Os assassinatos em Franca dispararam neste ano na comparação com 2011. Os 15 homicídios registrados desde janeiro representam um aumento de 166%, ou seja, mais que o dobro dos 6 contabilizados de janeiro a outubro do ano passado. As mortes deste ano, aliás, já superam o total do ano passado, quando, segundo dados da SSP (Secretaria da Segurança Pública), houve 9 casos.
Das mortes registradas este ano, seis foram por disparos de armas de fogo e quatro em decorrência de facadas. Houve um caso em que, além de tiros, a vítima também recebeu facadas, e outro em que uma mulher foi assassinada com o uso de facão e enxada. Ocorreram ainda homicídio por estrangulamento e outro por pauladas. O caso da jovem encontrada morta no último dia 19 de outubro, no Jardim Integração, foi registrado como homicídio, mas a polícia aguarda exames para saber a causa da morte.
Os números que constam nas estatísticas da SSP seriam ainda maiores se fossem computados os francanos assassinados e cujos corpos foram encontrados em cidades vizinhas. Restinga, por exemplo, foi o município de desova de quatro corpos: dois em fevereiro, um em março e um em junho. Os agentes da Divisão de Homicídios da DIG (Delegacia de Investigações Gerais) já esclareceram três dos quatro crimes.
INVESTIGANDO
Dos 15 homicídios do ano, a DIG já esclareceu 11. Os que ainda estão sob investigação ocorreram este mês, que foi o mais violento com quatro ocorrências.

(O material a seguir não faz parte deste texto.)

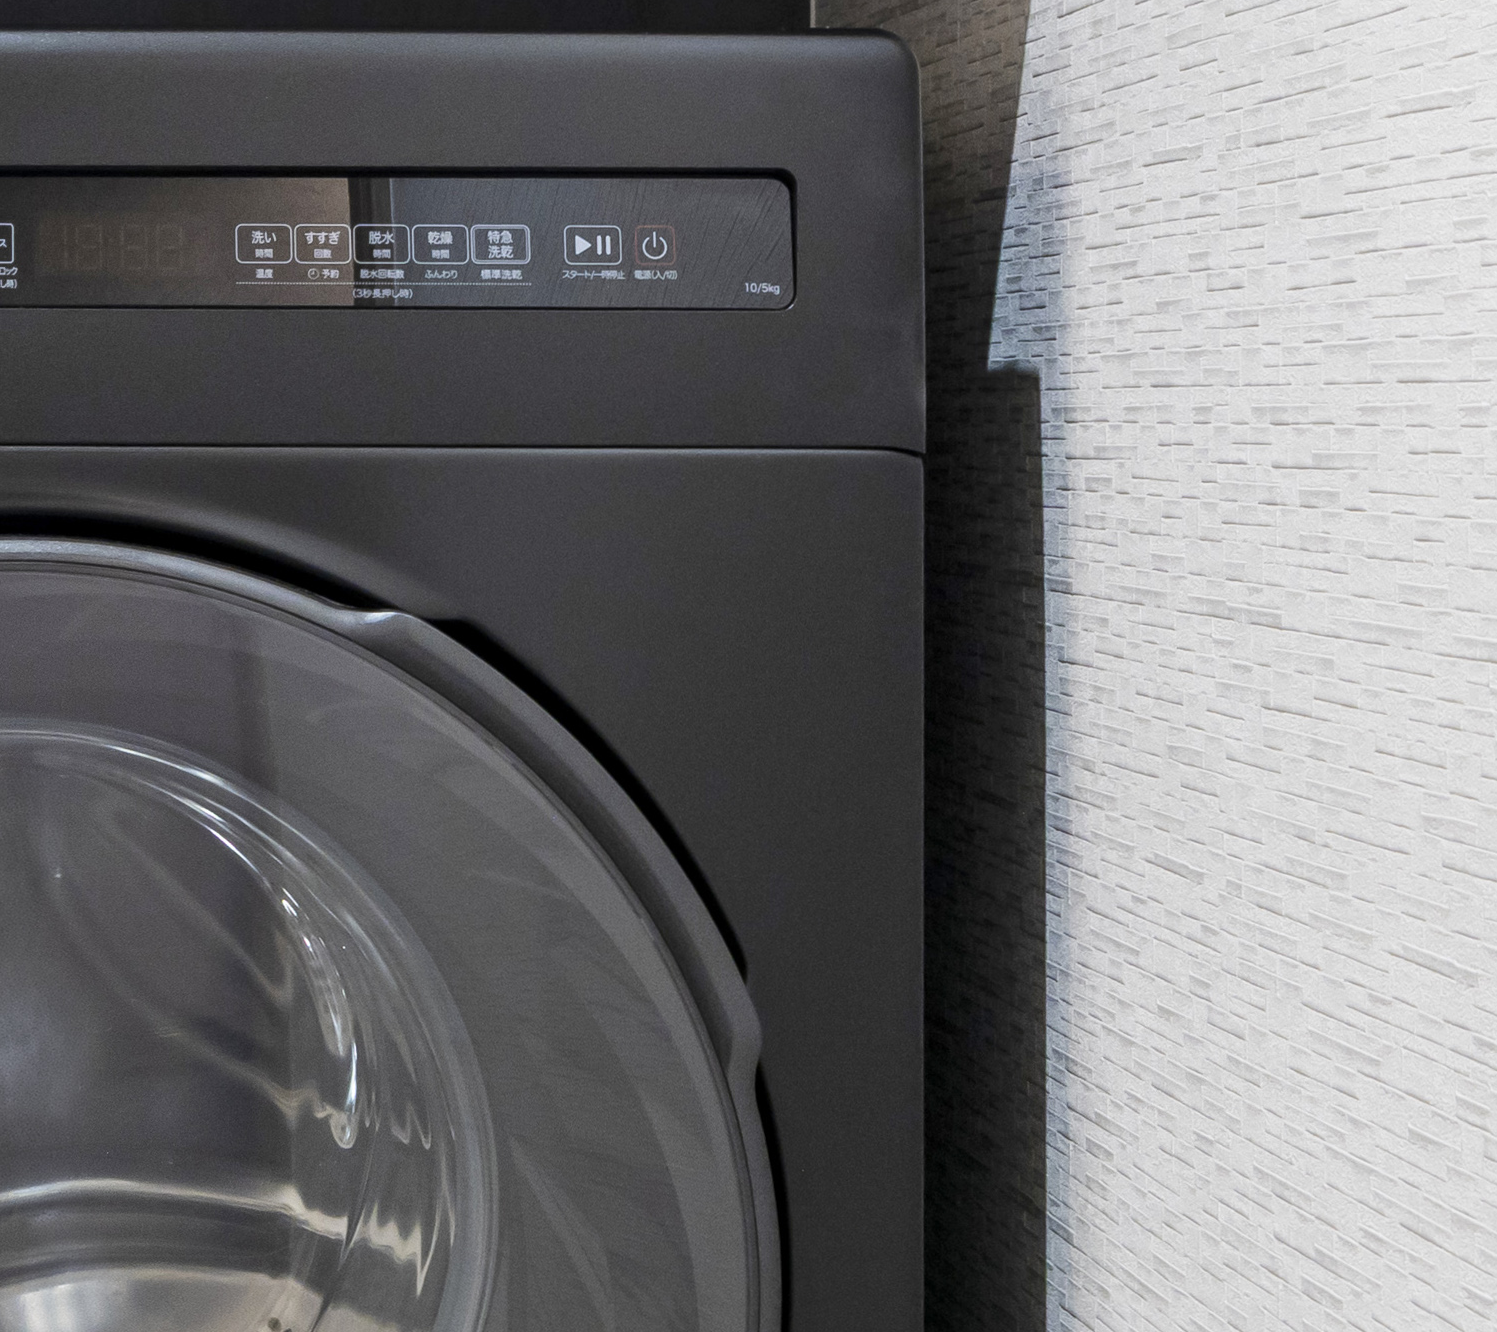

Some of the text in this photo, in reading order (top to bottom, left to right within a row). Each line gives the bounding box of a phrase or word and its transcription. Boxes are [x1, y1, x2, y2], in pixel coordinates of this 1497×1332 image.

[251, 231, 277, 244] 洗い
[304, 231, 339, 245] すすぎ
[368, 230, 395, 245] 脱水
[427, 230, 453, 245] 乾燥
[487, 230, 513, 244] 特急
[255, 248, 273, 259] 時間
[314, 248, 332, 259] 回数
[373, 248, 391, 259] 時間
[432, 249, 450, 259] 時間
[488, 245, 513, 258] 洗乾
[321, 269, 339, 279] 予約
[425, 269, 458, 279] ふんわり
[744, 282, 780, 294] 10/5kg

O último caso foi registrado na noite da última sexta-feira: Cidesvaldo Macarou, 32, foi morto a facadas perto de um bar na Vila Sebastião. O criminosos fugiu sem ser identificado.
O caso do sapateiro Ederley Custódio de Oliveira, 31, morto com 12 tiros no Jardim Aeroporto na madrugada do dia 9, também segue sem solução, segundo o delegado Márcio Garcia Murari. Já o trabalho para esclarecer o assassinato do comerciante Marcelo Henrique Barbosa, 34, morto com cinco tiros no dia 14, no Jardim Boa Esperança, está na fase final. “Já temos um suspeito e em poucos dias estará totalmente esclarecido”, disse Murari.
O esclarecimento da morte de uma jovem de 17 anos ocorrido no dia 19 depende de exames, já que legistas não encontraram marcas de violência em seu corpo.